*Material provided*
________________
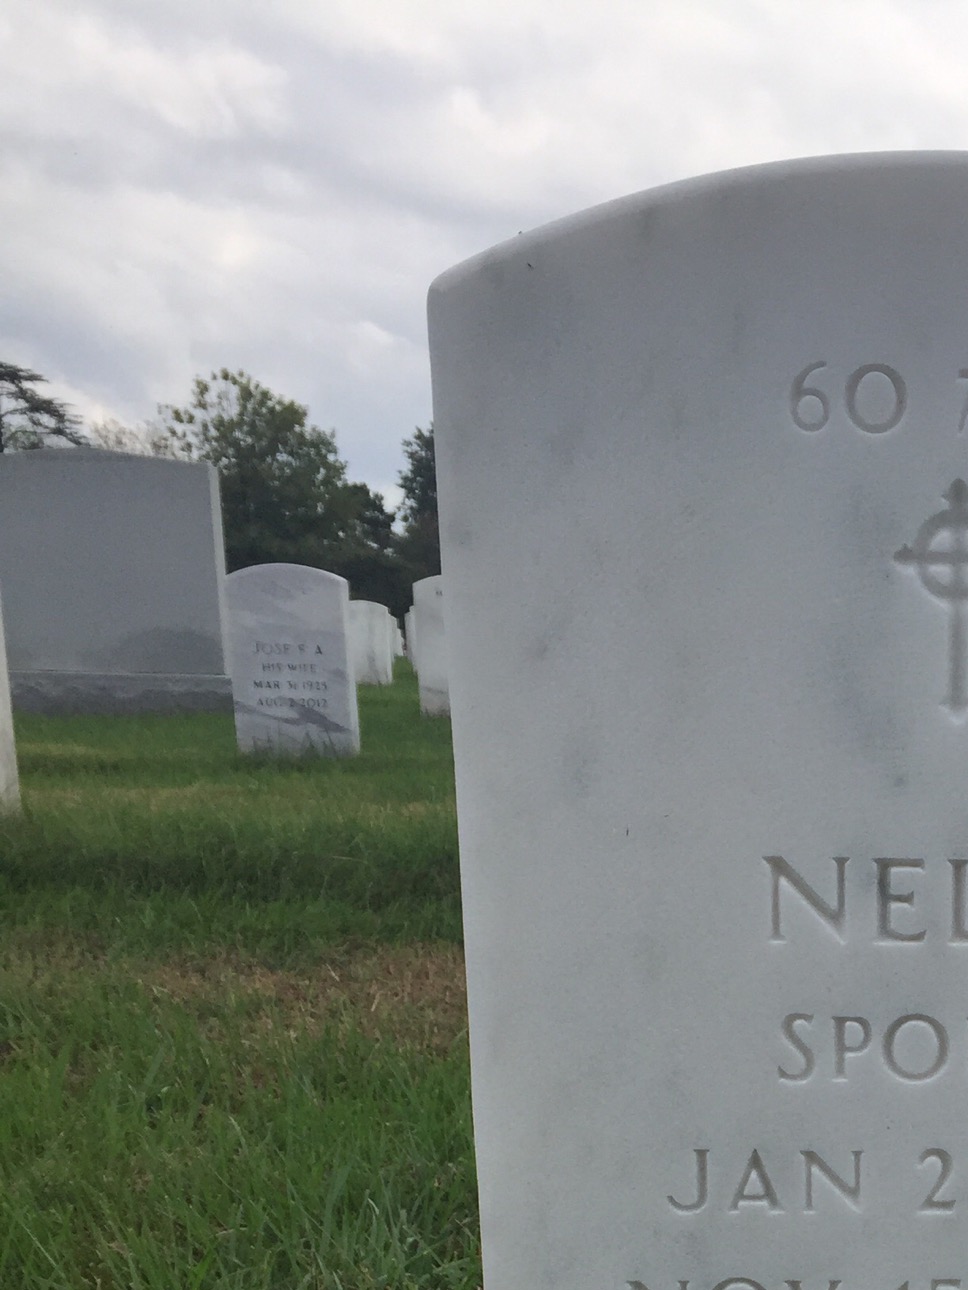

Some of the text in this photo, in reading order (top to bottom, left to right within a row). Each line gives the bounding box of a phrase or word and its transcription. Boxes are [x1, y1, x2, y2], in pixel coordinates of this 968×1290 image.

[790, 360, 908, 435] 60
[253, 680, 280, 690] MAR
[667, 1148, 863, 1214] JAN
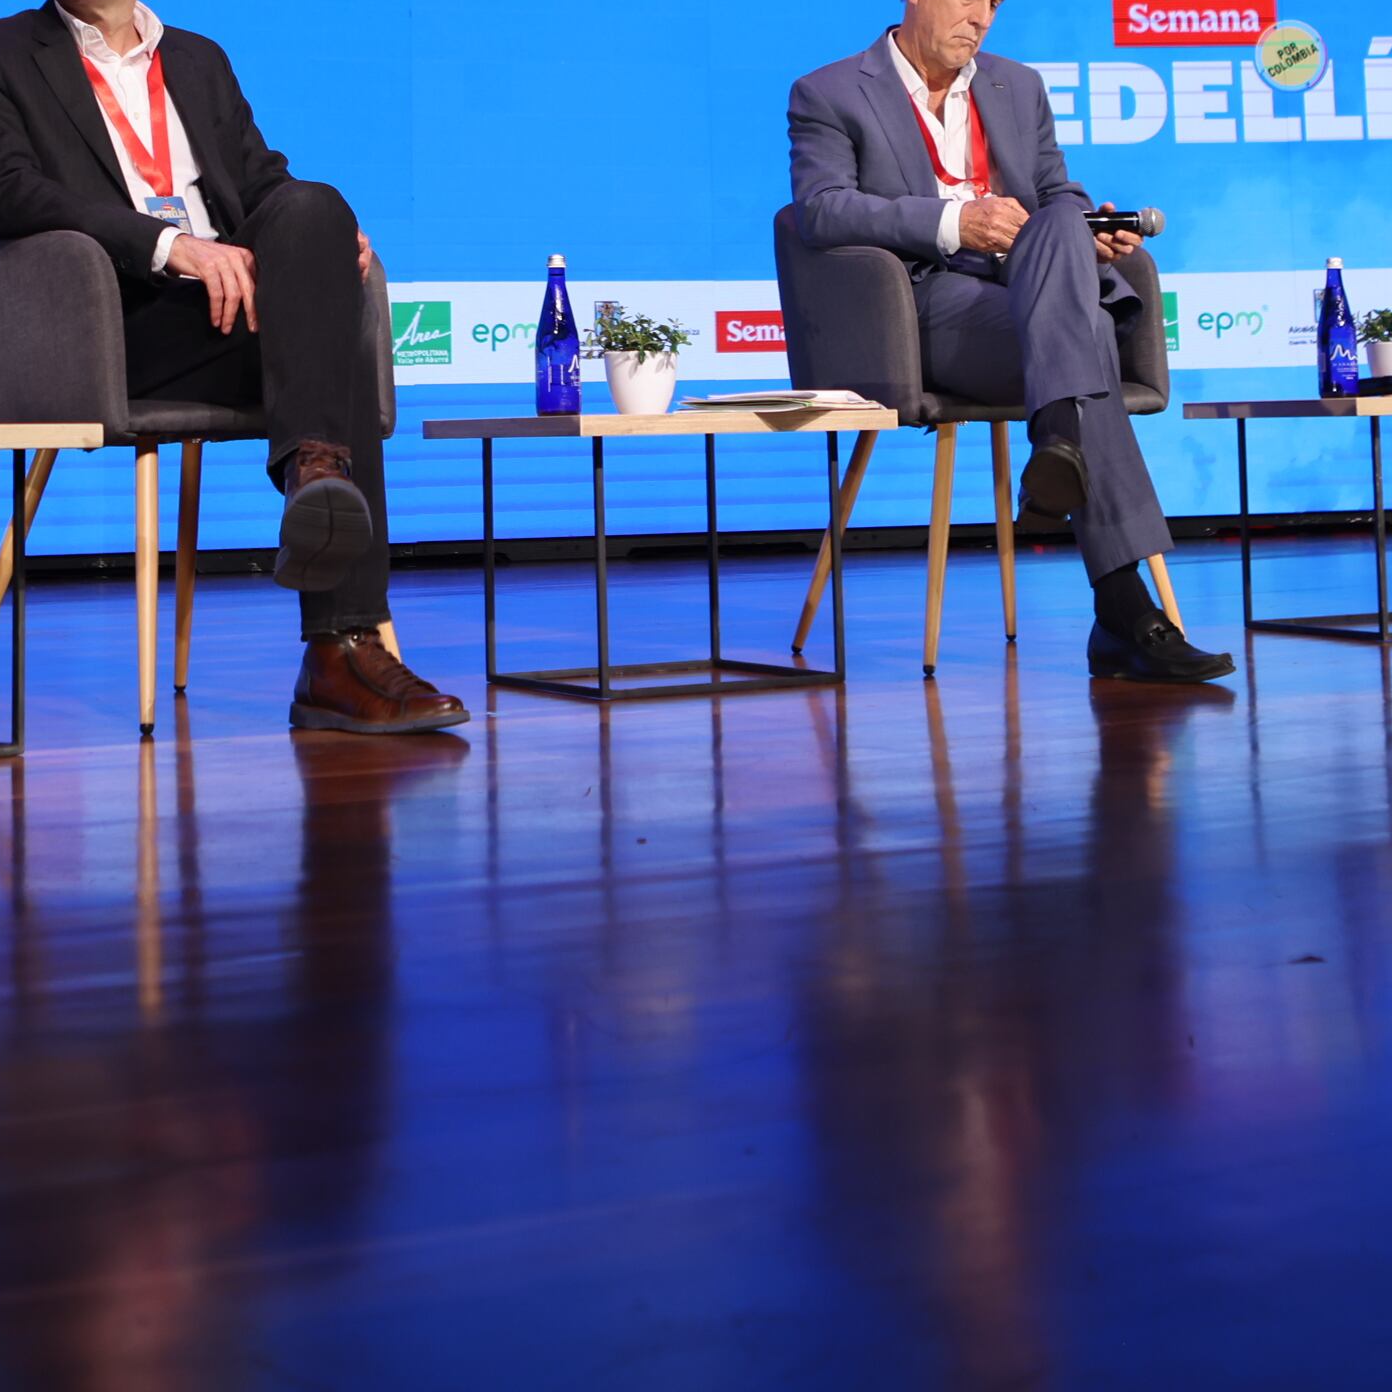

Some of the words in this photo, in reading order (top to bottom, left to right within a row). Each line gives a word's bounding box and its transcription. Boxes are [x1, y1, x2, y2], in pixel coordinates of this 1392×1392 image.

[1128, 3, 1262, 34] Semana
[1268, 43, 1319, 78] COLOMBIA
[1277, 41, 1299, 60] POR
[1197, 311, 1264, 339] epm
________________
The line containing "Some of the words" and all lines after it, through the last line of the data, should be retyped exactly.

*Solution to the exercise*
Some of the words in this photo, in reading order (top to bottom, left to right within a row). Each line gives a word's bounding box and its transcription. Boxes are [x1, y1, x2, y2], in pixel coordinates of this 1392×1392 image.

[1128, 3, 1262, 34] Semana
[1268, 43, 1319, 78] COLOMBIA
[1277, 41, 1299, 60] POR
[1197, 311, 1264, 339] epm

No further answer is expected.